Frank had a small caravan set up a little way behind the beach almost hidden behind a grove of banana trees, and here he played Beethoven Grieg Vivaldi Mendelssohn Offenbach Debussy and Phillip Glass five nights a week.

He grew Gympie limes and Lemon Myrtle in a small orchard there and we squeezed some lime over the fish, and then added a little jicama chili dust, and a thumb smear of Tasmanian Leatherwood Honey.

Frank was a big man; dark skinned and snowy haired and he was known to be a descendant of three brothers shackled into slave boats by Queensland cane growers and blackbirded from the Loyalty Islands in late 1865. The family had settled in Byron Bay in the forties and is still there today.

Meanwhile the Lexus distributed itself into small tents, gas barbeques, folding chairs and cartons of Pure Blonde; plastic lounges, Cold Chisel for ambience, and a flat screen television tuned to a Manly rugby league game. The longboarders, all five of them from Mona Vale, milled about the camp like condemned sheep waiting to be dispatched.
Waiting for a welcome.

Eventually they drove off into town looking for an easy dinner at a MacDonalds.

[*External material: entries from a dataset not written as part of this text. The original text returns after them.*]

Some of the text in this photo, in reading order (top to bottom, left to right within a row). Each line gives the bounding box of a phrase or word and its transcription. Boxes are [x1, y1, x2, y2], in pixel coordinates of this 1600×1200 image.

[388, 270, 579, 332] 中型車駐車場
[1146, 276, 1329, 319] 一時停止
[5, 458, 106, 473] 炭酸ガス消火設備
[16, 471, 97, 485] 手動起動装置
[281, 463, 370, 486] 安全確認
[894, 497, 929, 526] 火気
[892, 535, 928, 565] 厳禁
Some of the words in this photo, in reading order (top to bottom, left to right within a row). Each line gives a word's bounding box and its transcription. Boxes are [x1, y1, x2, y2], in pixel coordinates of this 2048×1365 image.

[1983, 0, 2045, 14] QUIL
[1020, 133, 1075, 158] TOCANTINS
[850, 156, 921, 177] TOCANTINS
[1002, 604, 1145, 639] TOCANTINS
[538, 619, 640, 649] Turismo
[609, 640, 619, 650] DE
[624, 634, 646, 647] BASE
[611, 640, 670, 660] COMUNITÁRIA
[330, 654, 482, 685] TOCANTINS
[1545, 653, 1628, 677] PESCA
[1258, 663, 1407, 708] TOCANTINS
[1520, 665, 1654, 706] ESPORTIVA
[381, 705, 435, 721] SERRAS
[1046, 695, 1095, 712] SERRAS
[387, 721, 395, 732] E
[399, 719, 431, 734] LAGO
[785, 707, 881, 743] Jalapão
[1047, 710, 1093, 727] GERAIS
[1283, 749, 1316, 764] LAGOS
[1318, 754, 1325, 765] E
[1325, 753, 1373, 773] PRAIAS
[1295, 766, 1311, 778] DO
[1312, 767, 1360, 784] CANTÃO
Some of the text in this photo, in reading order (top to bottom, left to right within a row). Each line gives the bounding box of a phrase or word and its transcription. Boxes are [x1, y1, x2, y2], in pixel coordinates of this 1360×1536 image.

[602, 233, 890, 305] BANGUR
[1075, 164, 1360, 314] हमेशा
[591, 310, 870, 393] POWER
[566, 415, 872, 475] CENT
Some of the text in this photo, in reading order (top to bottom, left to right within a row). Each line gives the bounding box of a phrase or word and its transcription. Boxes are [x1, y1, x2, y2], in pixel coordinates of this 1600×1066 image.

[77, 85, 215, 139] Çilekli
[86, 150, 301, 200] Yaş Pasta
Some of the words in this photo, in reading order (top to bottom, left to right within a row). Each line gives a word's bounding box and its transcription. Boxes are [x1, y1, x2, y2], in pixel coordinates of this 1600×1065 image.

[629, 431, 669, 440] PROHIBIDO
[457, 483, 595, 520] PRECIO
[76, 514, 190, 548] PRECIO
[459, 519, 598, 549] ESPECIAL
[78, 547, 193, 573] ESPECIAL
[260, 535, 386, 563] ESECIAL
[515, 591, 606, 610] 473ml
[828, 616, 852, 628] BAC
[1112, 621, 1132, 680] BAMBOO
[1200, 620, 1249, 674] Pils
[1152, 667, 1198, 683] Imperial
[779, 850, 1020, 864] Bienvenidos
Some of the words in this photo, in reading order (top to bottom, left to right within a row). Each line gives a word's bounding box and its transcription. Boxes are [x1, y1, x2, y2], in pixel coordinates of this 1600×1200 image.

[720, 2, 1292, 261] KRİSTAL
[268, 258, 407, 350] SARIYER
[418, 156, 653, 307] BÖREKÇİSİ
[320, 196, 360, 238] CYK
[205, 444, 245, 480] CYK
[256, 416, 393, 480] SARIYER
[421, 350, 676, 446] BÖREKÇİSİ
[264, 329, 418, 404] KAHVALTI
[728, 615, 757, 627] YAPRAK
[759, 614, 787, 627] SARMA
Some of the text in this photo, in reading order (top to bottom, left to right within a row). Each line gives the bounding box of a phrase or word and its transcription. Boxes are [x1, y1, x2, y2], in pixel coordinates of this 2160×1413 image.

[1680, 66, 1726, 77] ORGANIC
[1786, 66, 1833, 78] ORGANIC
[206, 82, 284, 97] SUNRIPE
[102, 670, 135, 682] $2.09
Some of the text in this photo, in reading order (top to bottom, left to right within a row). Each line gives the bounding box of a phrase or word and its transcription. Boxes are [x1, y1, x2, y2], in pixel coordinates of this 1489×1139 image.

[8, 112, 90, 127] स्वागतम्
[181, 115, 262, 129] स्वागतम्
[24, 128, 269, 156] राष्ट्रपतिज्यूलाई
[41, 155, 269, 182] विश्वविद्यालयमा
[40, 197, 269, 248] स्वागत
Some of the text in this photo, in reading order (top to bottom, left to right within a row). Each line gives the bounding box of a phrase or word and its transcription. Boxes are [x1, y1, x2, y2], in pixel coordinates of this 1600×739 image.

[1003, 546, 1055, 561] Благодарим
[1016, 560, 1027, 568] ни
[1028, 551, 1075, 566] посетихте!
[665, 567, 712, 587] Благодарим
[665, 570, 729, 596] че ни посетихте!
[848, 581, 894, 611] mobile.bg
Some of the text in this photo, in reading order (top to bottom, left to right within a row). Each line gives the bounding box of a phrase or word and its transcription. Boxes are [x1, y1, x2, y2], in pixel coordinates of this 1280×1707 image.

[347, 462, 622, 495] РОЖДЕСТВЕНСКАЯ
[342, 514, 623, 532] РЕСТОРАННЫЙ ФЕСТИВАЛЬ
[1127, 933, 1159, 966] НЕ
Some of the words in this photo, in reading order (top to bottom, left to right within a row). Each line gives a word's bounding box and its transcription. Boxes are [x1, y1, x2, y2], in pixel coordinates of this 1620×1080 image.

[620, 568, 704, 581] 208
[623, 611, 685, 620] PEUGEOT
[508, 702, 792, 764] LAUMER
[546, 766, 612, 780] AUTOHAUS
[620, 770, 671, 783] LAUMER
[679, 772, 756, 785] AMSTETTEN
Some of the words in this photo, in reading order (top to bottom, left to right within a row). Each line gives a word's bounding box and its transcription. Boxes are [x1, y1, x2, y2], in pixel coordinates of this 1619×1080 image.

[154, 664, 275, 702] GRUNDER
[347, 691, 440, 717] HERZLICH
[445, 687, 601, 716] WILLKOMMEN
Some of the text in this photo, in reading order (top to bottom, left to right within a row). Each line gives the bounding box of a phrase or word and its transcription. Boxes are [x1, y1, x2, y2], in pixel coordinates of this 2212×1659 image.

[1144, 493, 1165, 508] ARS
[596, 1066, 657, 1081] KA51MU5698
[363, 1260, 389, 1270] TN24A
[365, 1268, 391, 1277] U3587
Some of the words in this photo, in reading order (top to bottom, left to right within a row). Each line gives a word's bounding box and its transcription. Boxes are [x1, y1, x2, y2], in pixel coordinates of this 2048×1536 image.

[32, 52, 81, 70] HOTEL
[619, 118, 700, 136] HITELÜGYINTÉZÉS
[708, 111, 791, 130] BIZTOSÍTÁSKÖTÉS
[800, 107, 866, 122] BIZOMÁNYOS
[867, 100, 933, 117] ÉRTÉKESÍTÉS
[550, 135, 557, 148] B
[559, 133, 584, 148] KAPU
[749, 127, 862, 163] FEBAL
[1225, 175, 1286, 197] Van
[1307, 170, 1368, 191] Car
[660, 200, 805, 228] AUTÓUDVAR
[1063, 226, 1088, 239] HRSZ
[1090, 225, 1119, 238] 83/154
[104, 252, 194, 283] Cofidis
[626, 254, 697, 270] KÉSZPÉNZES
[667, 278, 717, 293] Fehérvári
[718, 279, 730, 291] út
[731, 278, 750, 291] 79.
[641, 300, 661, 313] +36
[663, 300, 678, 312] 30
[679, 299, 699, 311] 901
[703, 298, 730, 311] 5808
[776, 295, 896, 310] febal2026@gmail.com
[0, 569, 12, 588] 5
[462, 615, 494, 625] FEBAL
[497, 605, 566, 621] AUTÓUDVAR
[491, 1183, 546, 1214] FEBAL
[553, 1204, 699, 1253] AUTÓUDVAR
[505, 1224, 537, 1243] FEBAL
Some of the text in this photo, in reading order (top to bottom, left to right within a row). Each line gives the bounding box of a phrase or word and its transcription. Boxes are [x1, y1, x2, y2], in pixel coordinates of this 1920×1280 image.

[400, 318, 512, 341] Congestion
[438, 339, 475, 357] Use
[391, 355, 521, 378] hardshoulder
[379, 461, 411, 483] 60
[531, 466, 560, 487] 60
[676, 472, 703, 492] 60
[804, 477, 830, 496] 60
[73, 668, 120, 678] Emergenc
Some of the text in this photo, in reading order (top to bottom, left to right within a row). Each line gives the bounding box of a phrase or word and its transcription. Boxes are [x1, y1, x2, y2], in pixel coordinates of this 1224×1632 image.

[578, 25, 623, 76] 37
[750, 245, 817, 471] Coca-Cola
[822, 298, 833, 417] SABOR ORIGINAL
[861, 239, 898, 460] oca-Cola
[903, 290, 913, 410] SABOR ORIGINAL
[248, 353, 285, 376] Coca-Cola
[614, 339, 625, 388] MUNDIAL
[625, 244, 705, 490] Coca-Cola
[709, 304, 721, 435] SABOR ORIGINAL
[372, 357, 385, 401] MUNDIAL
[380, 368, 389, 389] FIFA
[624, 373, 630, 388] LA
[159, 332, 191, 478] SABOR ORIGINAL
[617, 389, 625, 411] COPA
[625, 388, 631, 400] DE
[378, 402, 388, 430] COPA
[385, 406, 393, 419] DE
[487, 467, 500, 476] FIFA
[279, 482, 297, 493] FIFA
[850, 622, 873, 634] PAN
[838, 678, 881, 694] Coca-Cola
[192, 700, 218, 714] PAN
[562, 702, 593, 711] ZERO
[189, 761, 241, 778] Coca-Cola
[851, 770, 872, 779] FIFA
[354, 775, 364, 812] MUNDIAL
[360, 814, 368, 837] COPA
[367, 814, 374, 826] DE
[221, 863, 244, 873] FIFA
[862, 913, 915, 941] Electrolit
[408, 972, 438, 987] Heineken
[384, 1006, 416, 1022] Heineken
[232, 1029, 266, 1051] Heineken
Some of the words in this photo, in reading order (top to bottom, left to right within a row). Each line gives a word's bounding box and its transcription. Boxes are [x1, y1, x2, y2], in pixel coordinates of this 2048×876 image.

The whiting fillets seared up in minutes over the bed of coals and were soon eaten, washed away by some tank water poured over a handful of ice and crushed Lemon Myrtle leaves, and followed by a couple of Phuong’s slow burning specials. Frank had prepared a large bowl of sugar coated Molucca raspberries (Rubus sieboldii) covered with wild lime basil as an accompaniment.

Puccini played for the afternoon birdcall, and Respighi welcomed the sundown.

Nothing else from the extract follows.